Each entry below needs to be transcribed verbatim; the images should not appear.

[Saved data entries]
BEGIN
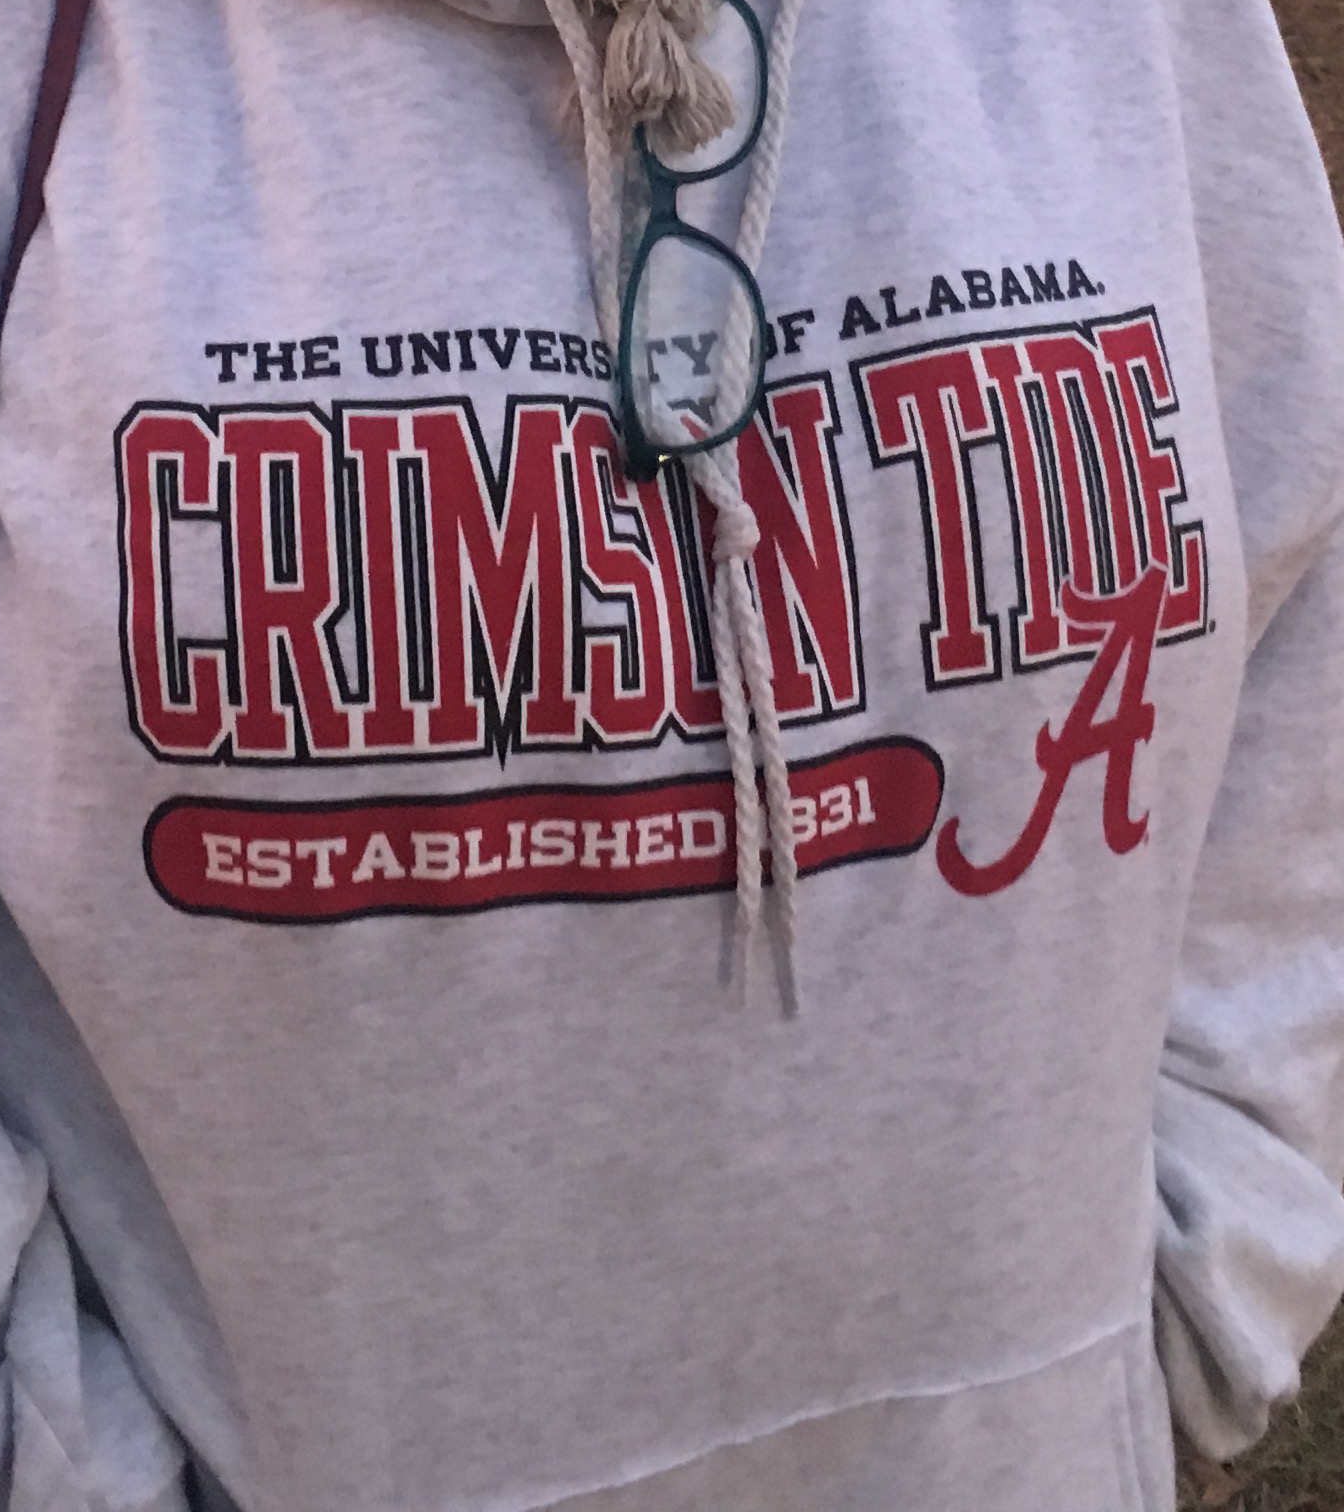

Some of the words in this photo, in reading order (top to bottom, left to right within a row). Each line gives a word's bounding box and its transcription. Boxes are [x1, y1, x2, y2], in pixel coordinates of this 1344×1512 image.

[205, 336, 341, 383] THE
[360, 328, 718, 383] UNIVERSTY
[849, 304, 1209, 692] TIDE
[202, 809, 727, 889] ESTABLISHED
[761, 777, 877, 850] 831
END
Exercise response:
Some of the words in this photo, in reading order (top to bottom, left to right within a row). Each line gives a word's bounding box and its transcription. Boxes are [x1, y1, x2, y2], in pixel coordinates of this 1344×1512 image.

[205, 336, 341, 383] THE
[360, 328, 718, 383] UNIVERSTY
[849, 304, 1209, 692] TIDE
[202, 809, 727, 889] ESTABLISHED
[761, 777, 877, 850] 831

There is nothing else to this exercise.